• **Your assignment**: Look below for the line that contains "this 1280×1280 image." and the line that contains "this 1500×1030 image.", then restate both of them and every line in between, exactly. No picture goes in the copy.

:: Material provided ::

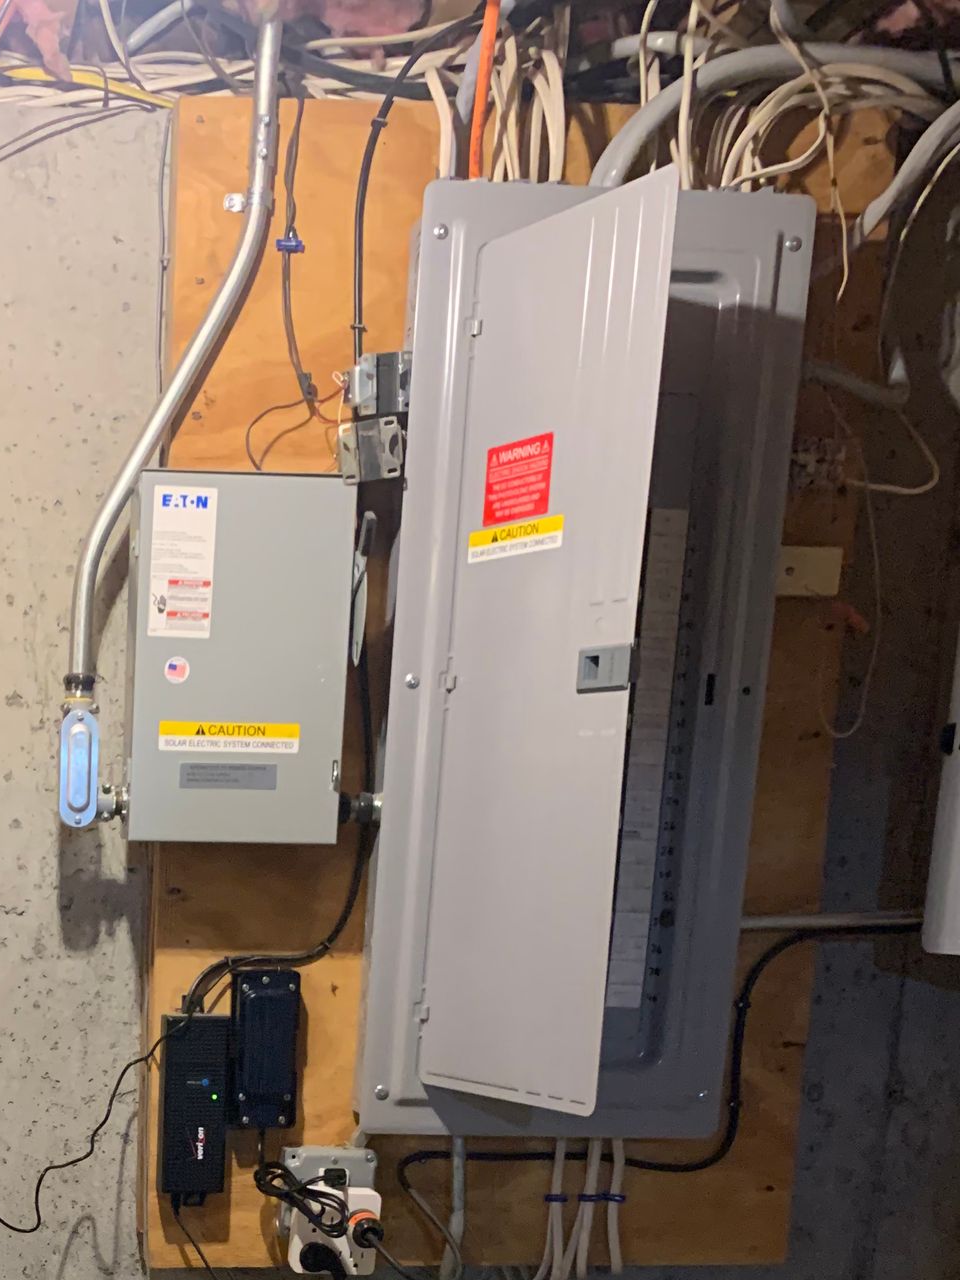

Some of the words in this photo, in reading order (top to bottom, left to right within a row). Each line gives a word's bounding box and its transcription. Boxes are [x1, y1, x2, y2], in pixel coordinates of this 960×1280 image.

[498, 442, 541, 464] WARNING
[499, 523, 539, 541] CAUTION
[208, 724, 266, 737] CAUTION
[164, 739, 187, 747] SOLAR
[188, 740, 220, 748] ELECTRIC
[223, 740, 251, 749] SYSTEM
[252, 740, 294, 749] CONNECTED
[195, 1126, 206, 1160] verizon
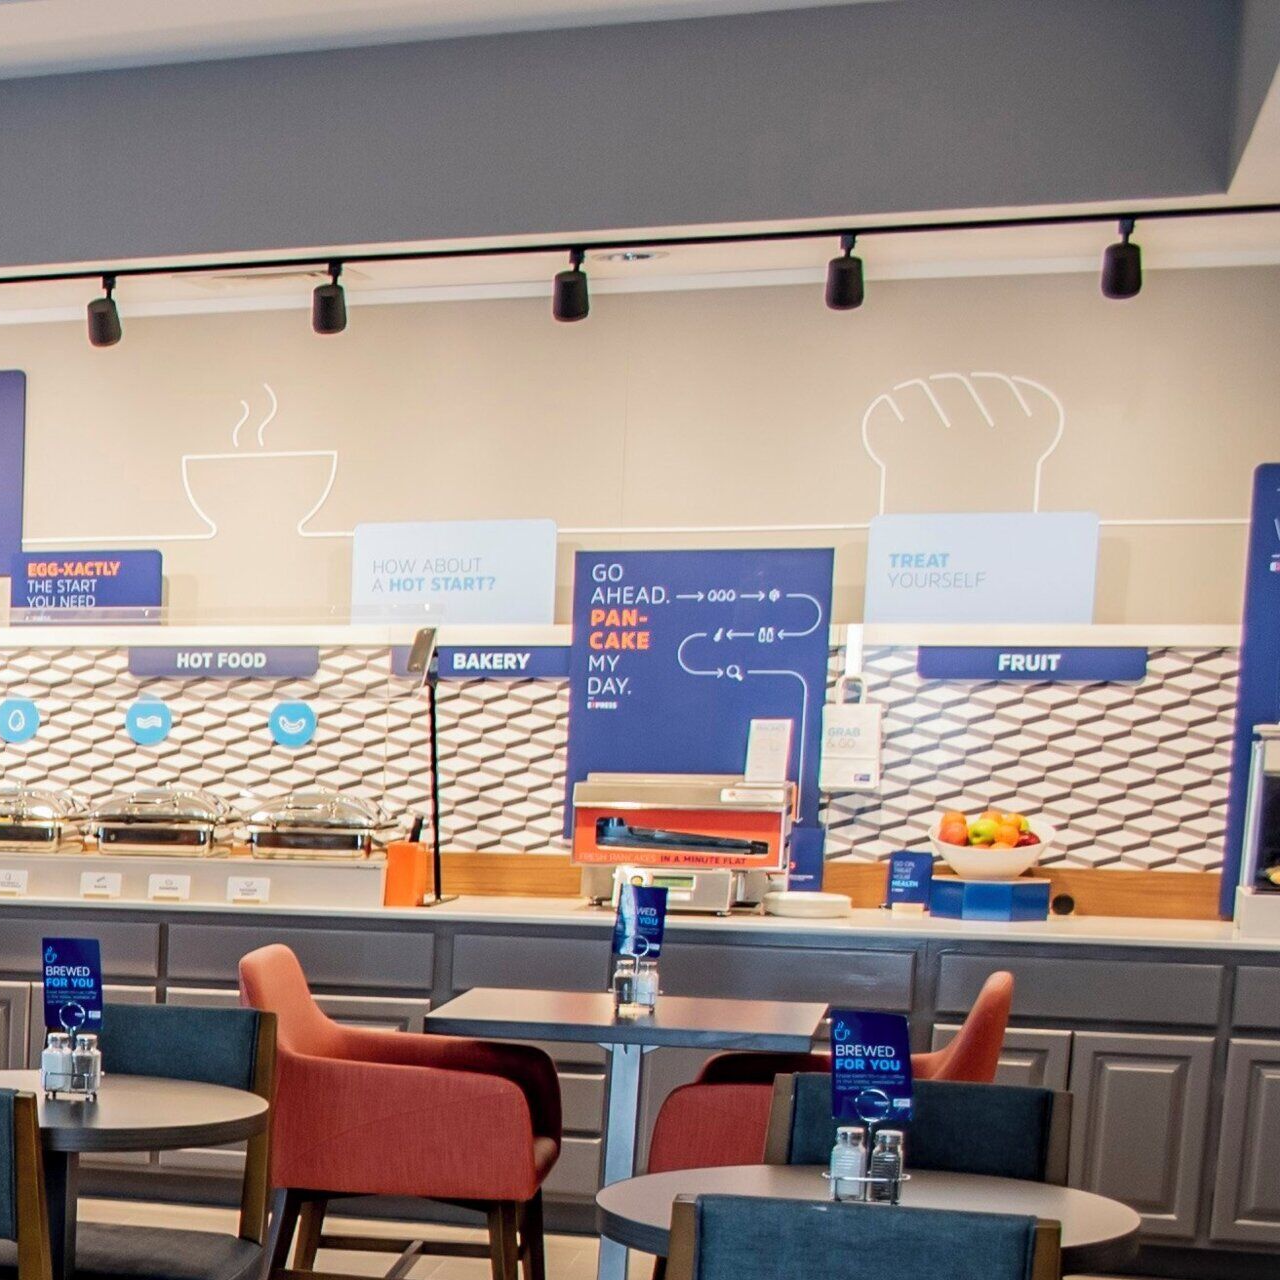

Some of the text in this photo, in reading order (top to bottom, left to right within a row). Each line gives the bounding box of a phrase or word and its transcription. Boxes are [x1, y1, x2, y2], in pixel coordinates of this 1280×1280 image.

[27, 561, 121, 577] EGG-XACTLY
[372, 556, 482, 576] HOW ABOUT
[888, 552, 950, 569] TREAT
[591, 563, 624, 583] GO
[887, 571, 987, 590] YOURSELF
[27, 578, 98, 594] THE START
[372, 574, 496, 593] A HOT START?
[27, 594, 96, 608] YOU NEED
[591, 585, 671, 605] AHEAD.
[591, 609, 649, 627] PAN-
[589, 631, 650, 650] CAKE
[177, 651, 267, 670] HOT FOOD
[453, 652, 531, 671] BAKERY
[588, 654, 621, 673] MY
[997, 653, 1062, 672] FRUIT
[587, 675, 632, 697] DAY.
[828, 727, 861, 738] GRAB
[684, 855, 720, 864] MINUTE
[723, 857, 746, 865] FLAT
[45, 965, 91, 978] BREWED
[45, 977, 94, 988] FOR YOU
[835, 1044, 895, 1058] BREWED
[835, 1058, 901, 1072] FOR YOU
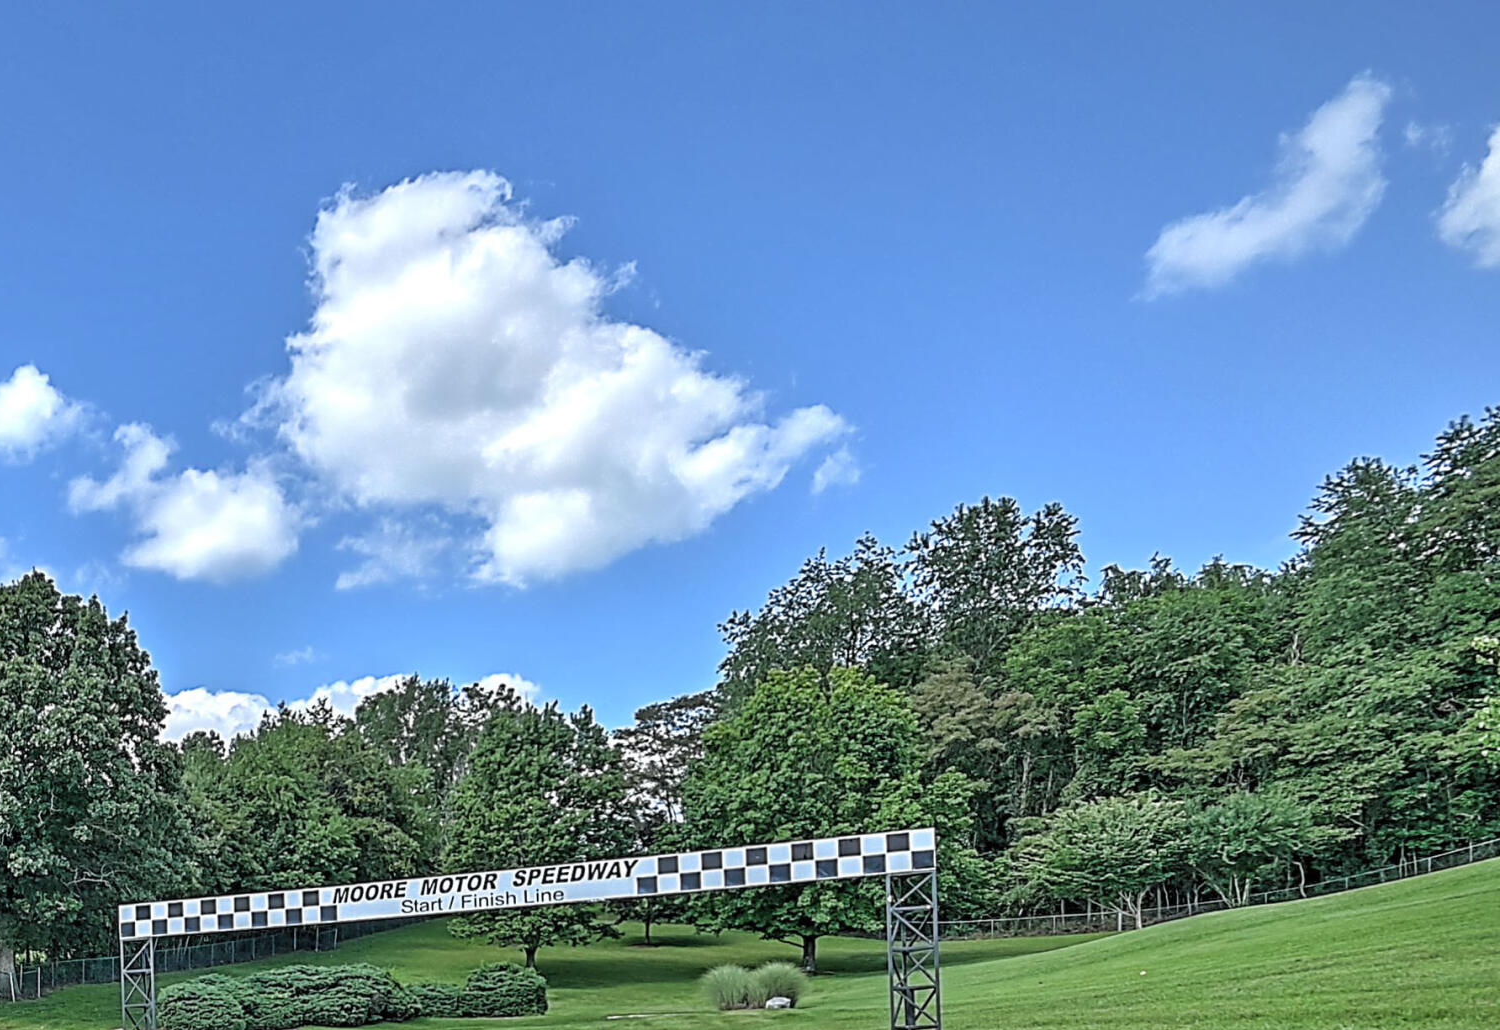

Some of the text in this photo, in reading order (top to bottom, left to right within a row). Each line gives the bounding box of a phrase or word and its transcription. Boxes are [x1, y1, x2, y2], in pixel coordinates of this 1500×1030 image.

:::
:: Material provided ::

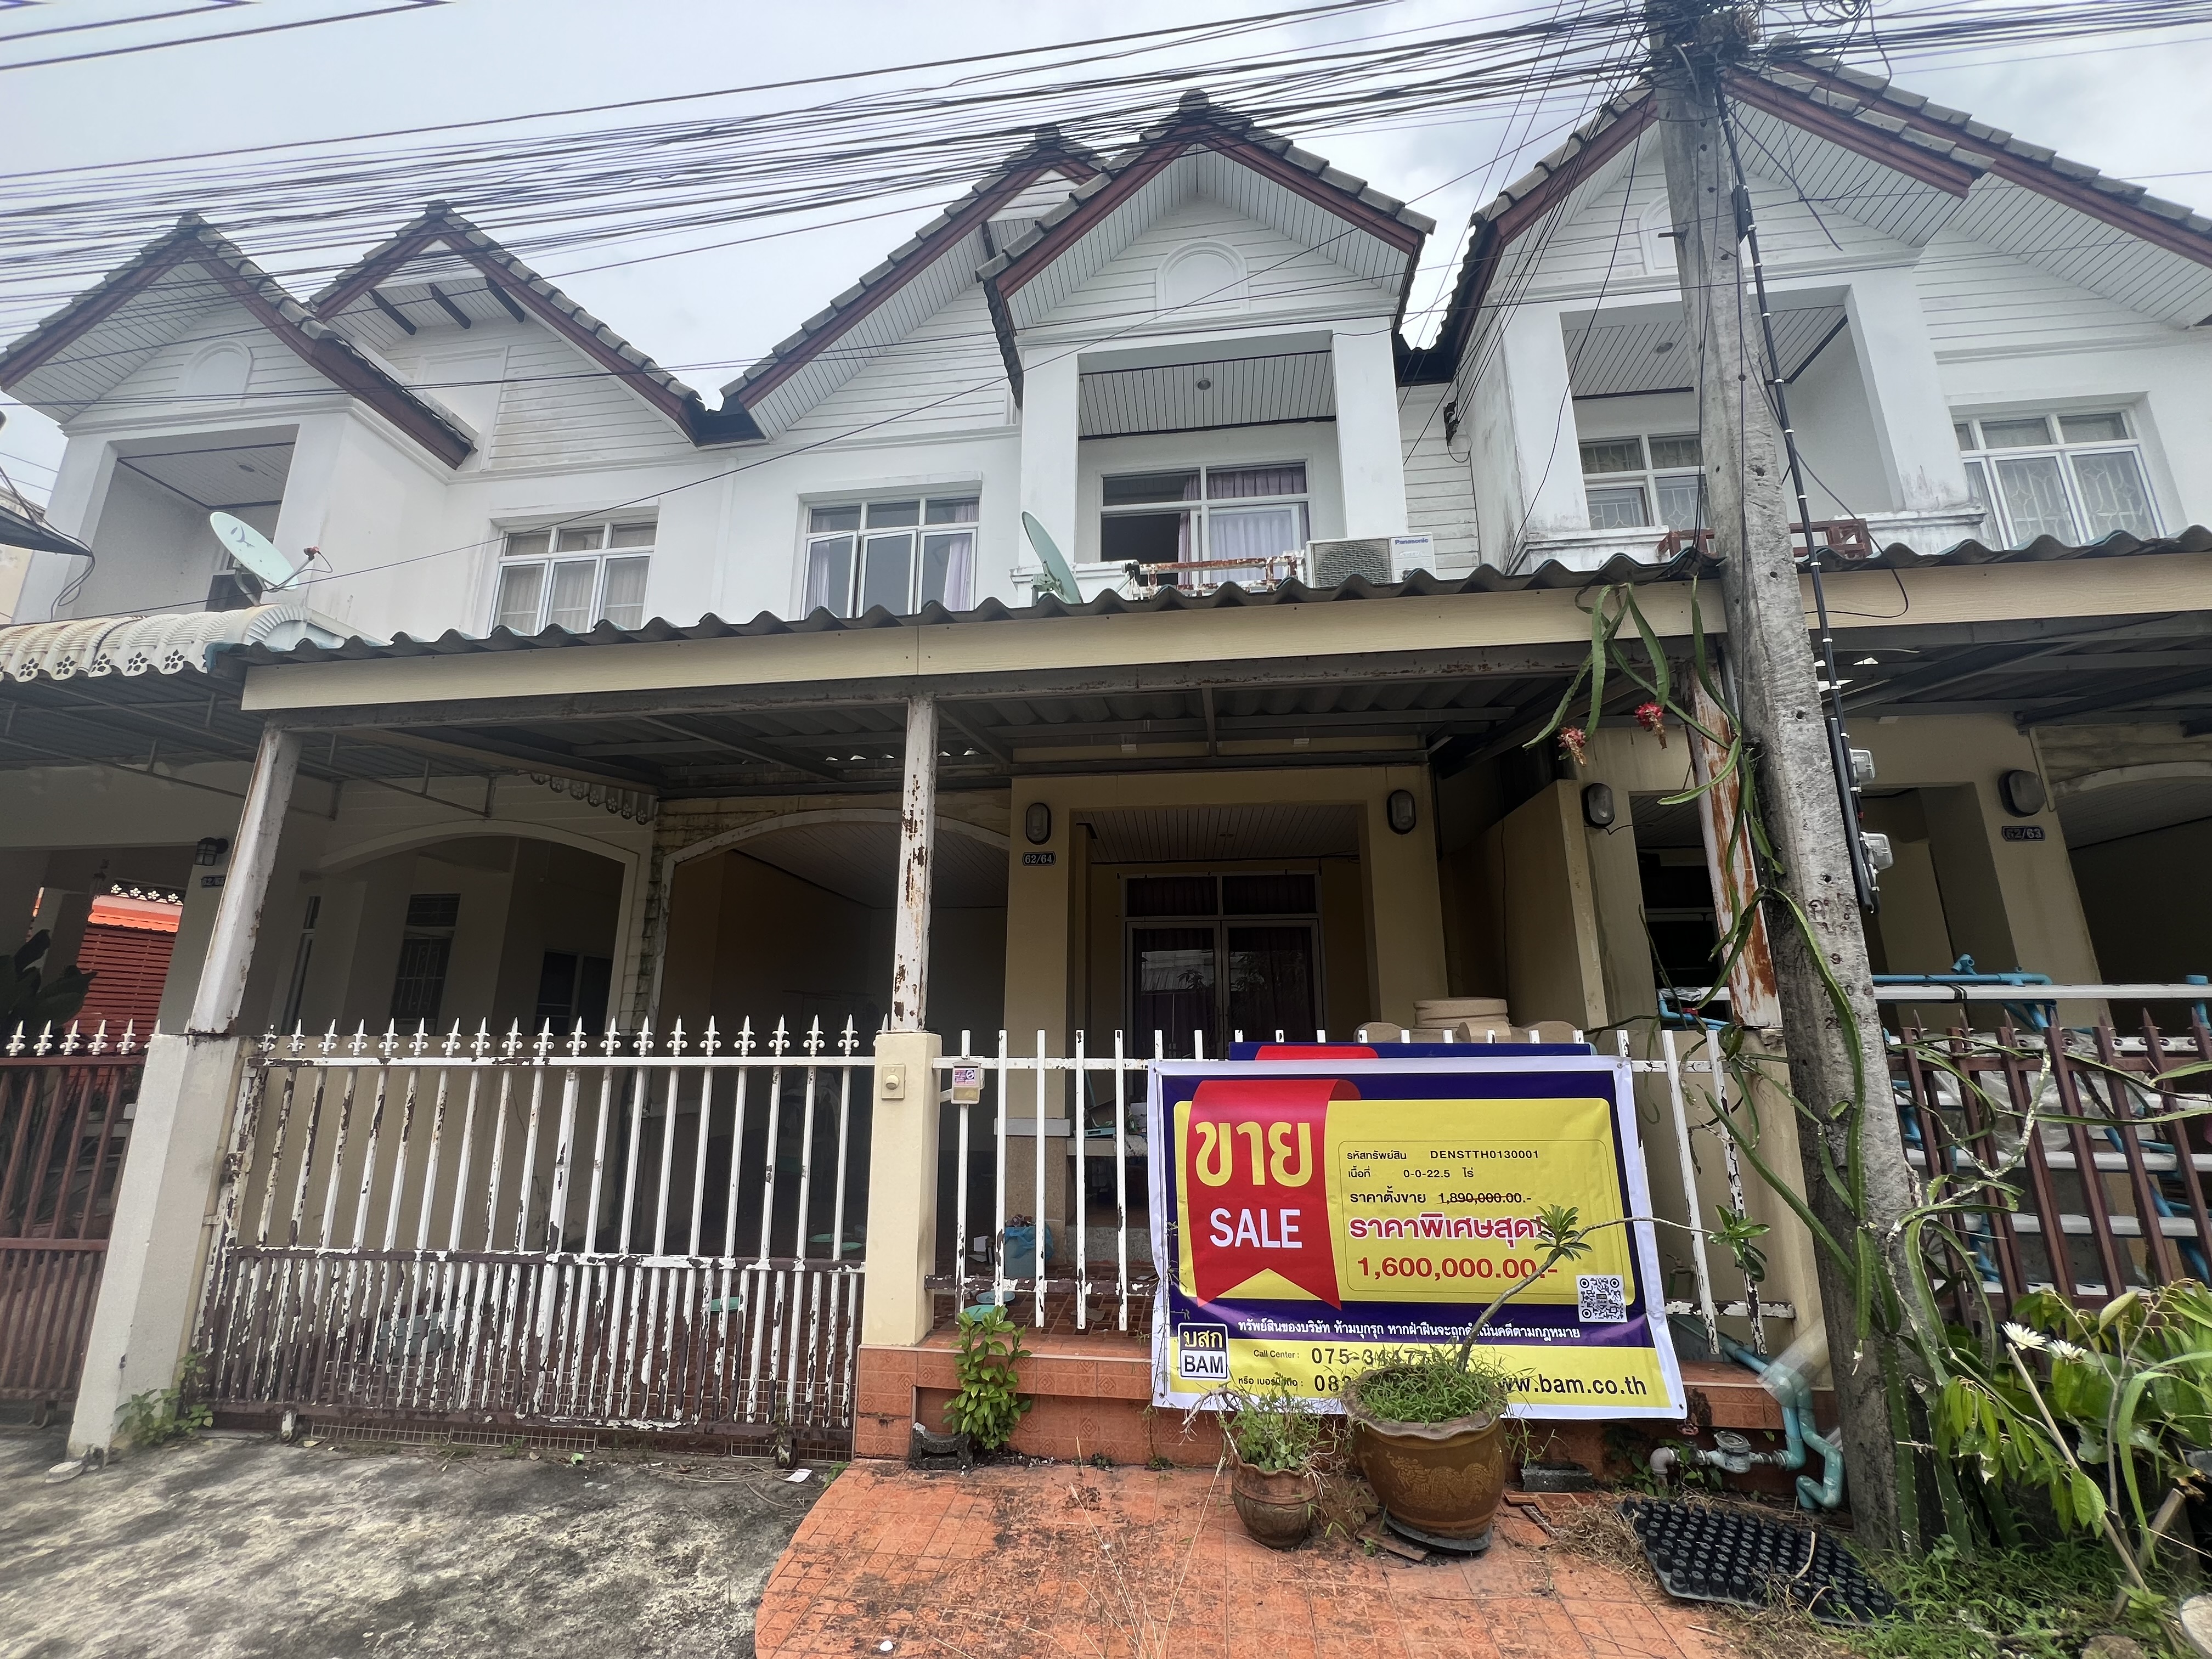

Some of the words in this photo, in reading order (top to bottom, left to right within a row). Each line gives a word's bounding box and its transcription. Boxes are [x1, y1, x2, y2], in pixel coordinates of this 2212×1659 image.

:::

• **Task result**:
Some of the text in this photo, in reading order (top to bottom, left to right within a row). Each line gives the bounding box of a phrase or word and its transcription. Boxes are [x1, y1, x2, y2], in pixel coordinates of this 1280×1280 image.

[27, 561, 121, 577] EGG-XACTLY
[372, 556, 482, 576] HOW ABOUT
[888, 552, 950, 569] TREAT
[591, 563, 624, 583] GO
[887, 571, 987, 590] YOURSELF
[27, 578, 98, 594] THE START
[372, 574, 496, 593] A HOT START?
[27, 594, 96, 608] YOU NEED
[591, 585, 671, 605] AHEAD.
[591, 609, 649, 627] PAN-
[589, 631, 650, 650] CAKE
[177, 651, 267, 670] HOT FOOD
[453, 652, 531, 671] BAKERY
[588, 654, 621, 673] MY
[997, 653, 1062, 672] FRUIT
[587, 675, 632, 697] DAY.
[828, 727, 861, 738] GRAB
[684, 855, 720, 864] MINUTE
[723, 857, 746, 865] FLAT
[45, 965, 91, 978] BREWED
[45, 977, 94, 988] FOR YOU
[835, 1044, 895, 1058] BREWED
[835, 1058, 901, 1072] FOR YOU

Some of the text in this photo, in reading order (top to bottom, left to right within a row). Each line gives the bounding box of a phrase or word and its transcription. Boxes are [x1, y1, x2, y2], in pixel coordinates of this 1500×1030 image.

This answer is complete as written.